Treasury considers recovery loan scheme extension
The deadline for the recovery loan scheme (RLS) could be extended past 31 December 2021, reports suggest. According to The Daily Telegraph, officials are consulting with banks to reach a decision on the future of the scheme.
Possible plans include cutting the Government guarantee or reducing the personal guarantee – making its terms less generous to businesses than they are now.

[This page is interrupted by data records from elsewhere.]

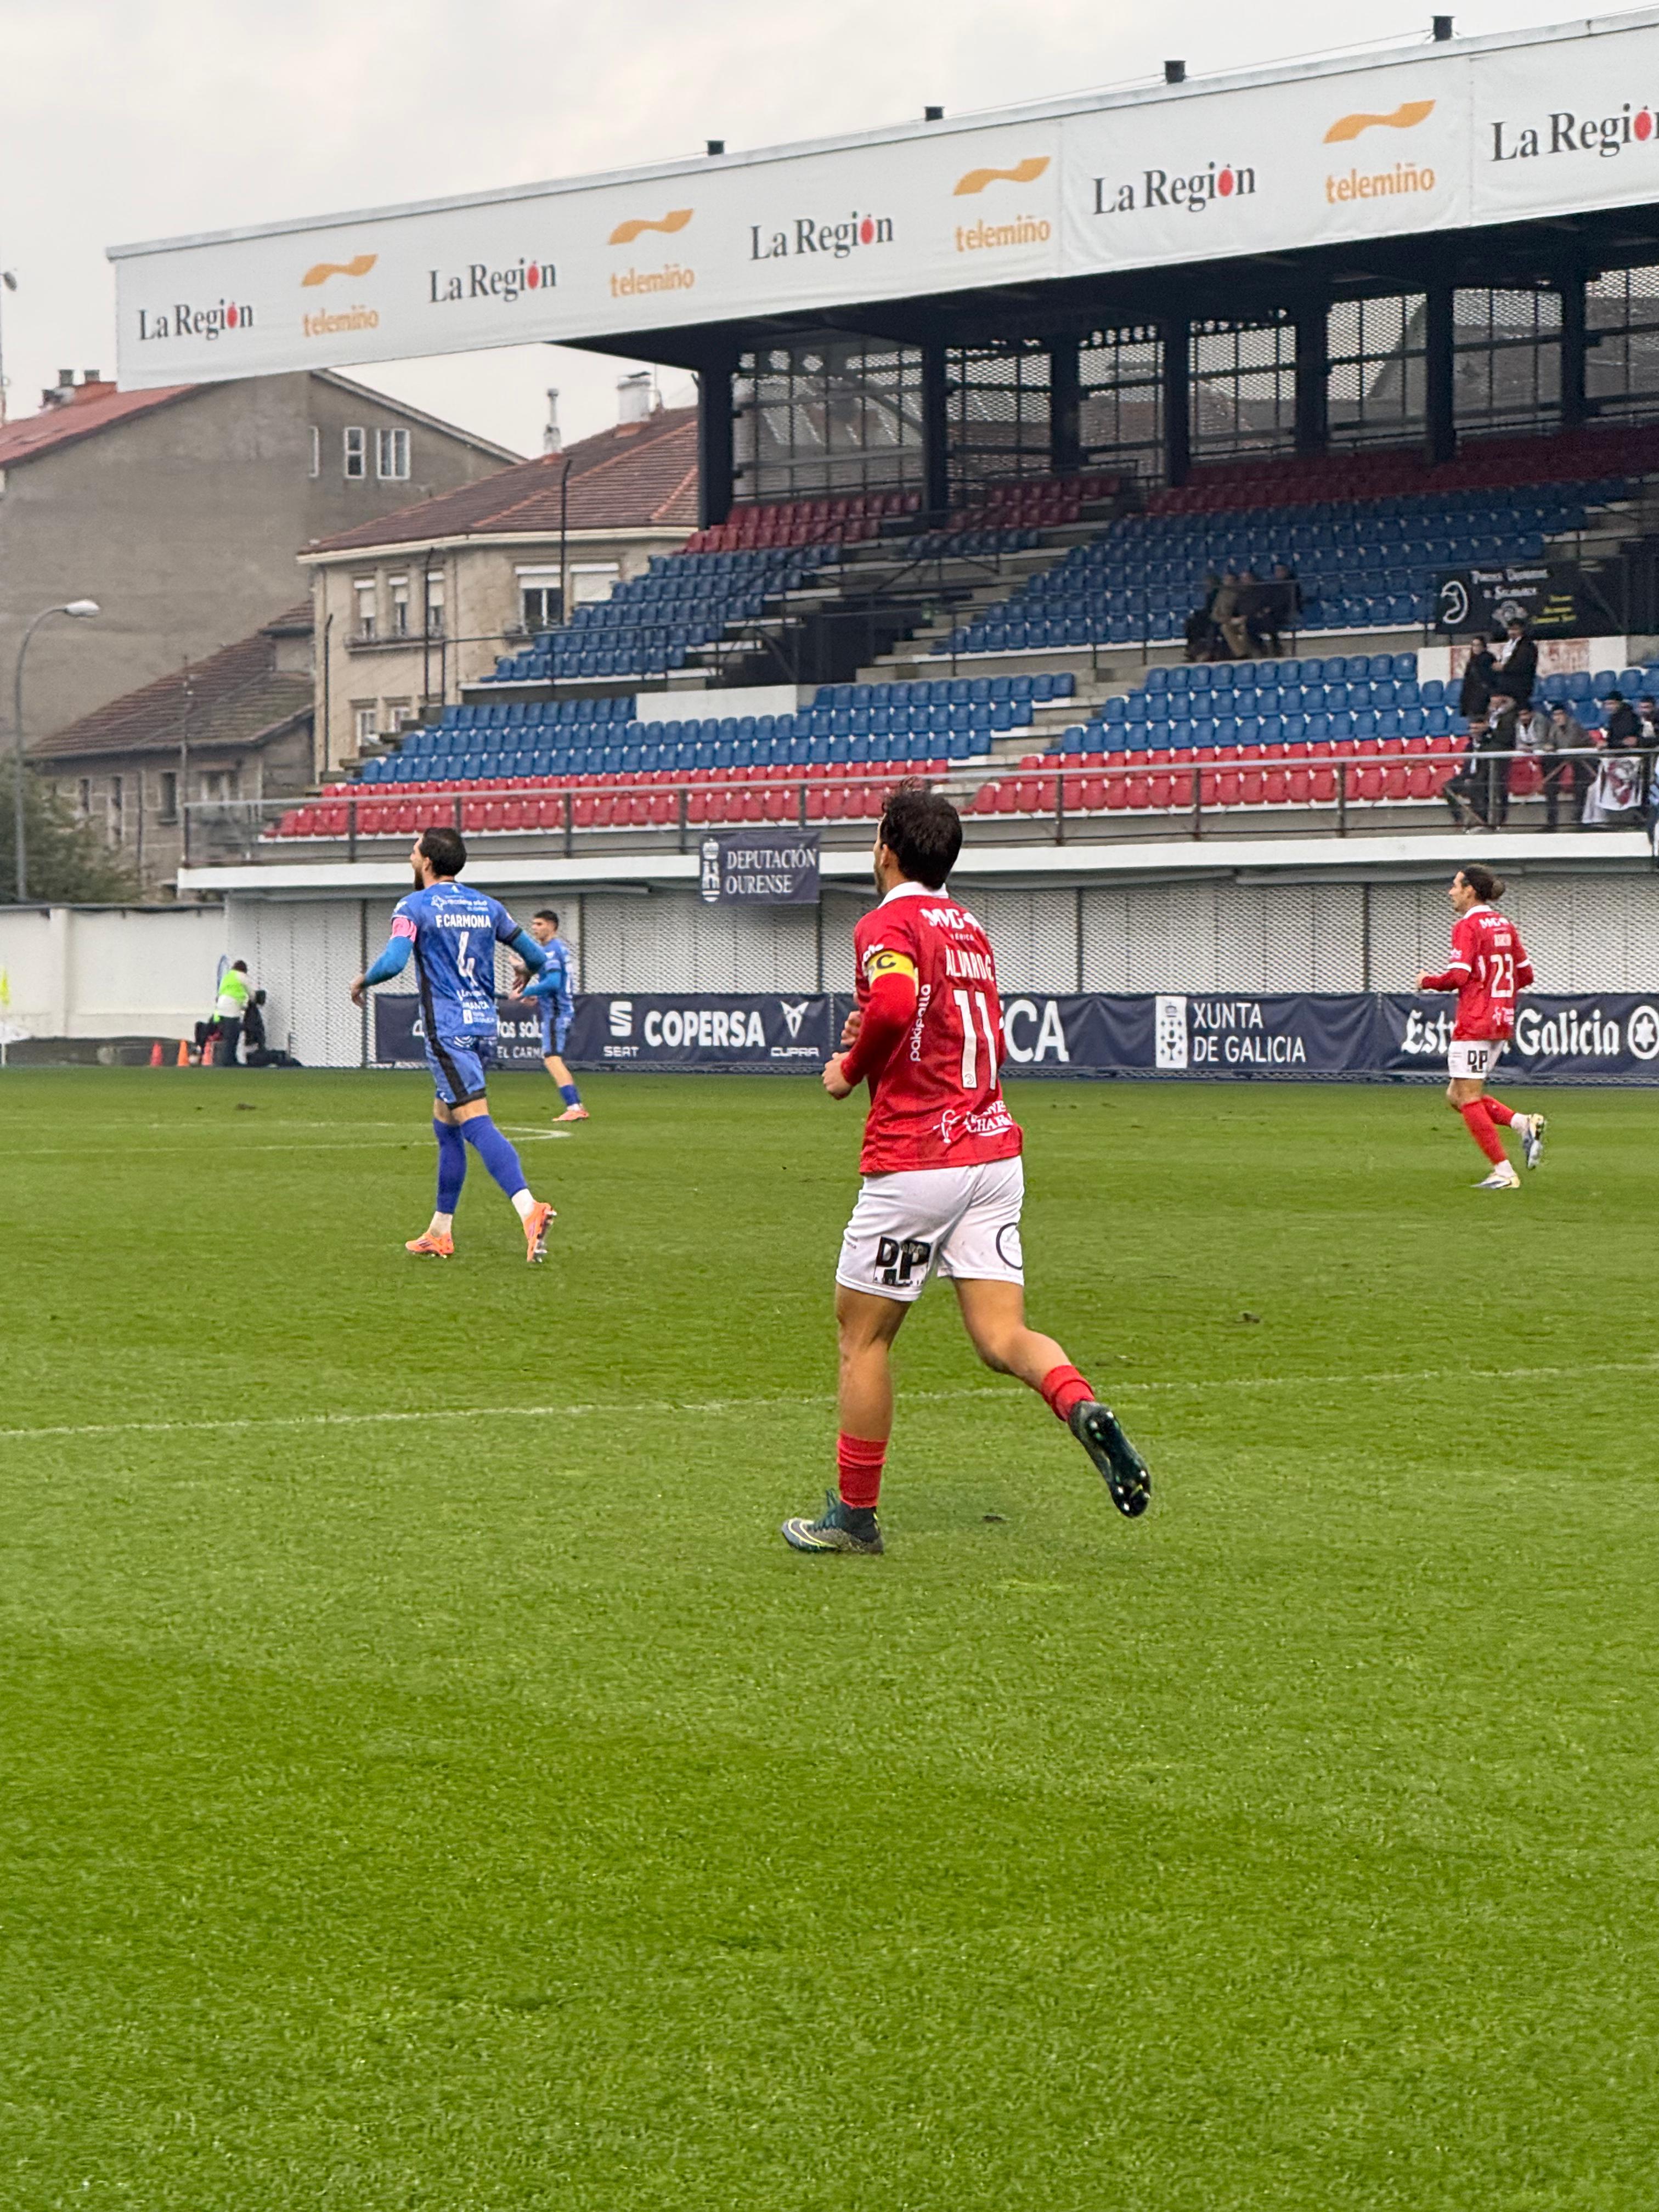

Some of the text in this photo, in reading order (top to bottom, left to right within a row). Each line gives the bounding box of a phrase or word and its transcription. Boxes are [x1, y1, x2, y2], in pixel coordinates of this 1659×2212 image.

[1491, 102, 1659, 162] La Regió
[1093, 177, 1135, 216] La
[1325, 161, 1436, 205] telemiño
[749, 225, 788, 261] La
[953, 214, 1052, 252] telemiño
[429, 269, 463, 304] La
[610, 263, 696, 298] telemiño
[138, 308, 169, 341] La
[301, 304, 380, 338] telemiño
[726, 843, 817, 869] DEPUTACIÓN
[726, 874, 793, 895] OURENSE
[457, 931, 478, 988] 4
[877, 953, 896, 969] C
[1490, 953, 1514, 998] 23
[644, 1010, 766, 1047] COPERSA
[1193, 1002, 1263, 1030] XUNTA
[1516, 1008, 1620, 1057] Galicia
[603, 1046, 640, 1058] SEAT
[770, 1047, 820, 1058] CUPRA
[953, 989, 997, 1091] 11
[1193, 1035, 1306, 1064] DE GALICIA
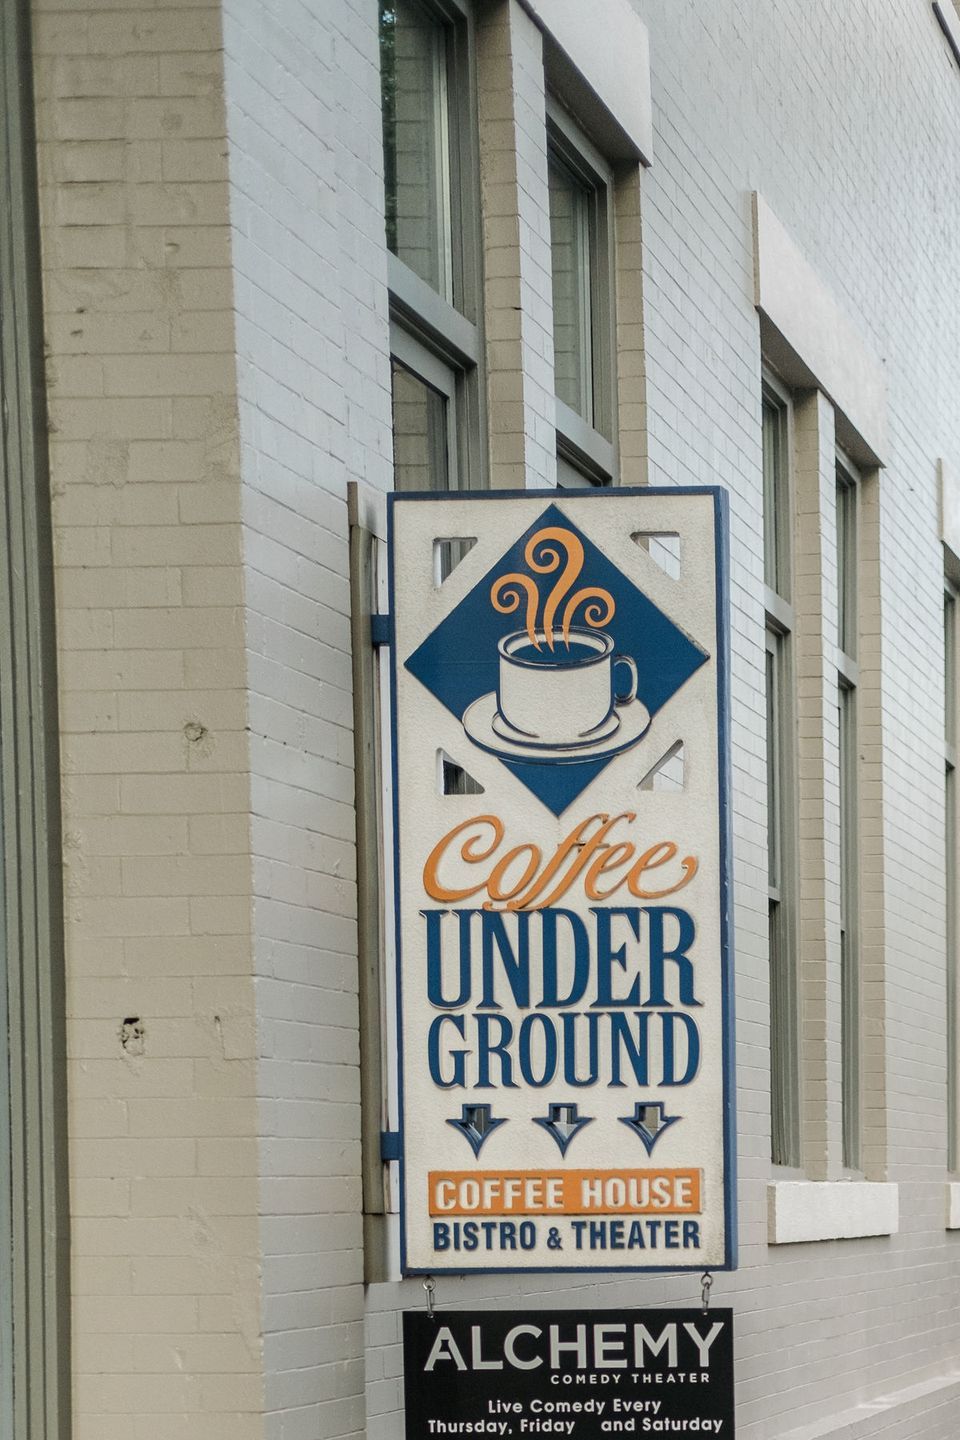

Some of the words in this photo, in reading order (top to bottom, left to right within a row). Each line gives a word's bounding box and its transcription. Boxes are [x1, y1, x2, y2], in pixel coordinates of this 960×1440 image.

The RLS is currently due to close at the end of this year, but its guidance page on GOV.UK says this date is “subject to review”.
The scheme was launched in Spring Budget 2021 as a replacement for bounce-back loans and the coronavirus business interruption loan scheme. At present, it allows businesses to apply for loans at a value of up to £10 million, with the Government guaranteeing 80% of the finance to the lender.
The finance is available in the form of term loans or overdrafts of between £25,001 and £10m, or invoice or asset finance of between £1,000 and £10m per business. No personal guarantees are taken on facilities up to £250,000, and a borrower’s principal private residence cannot be taken as security under the scheme.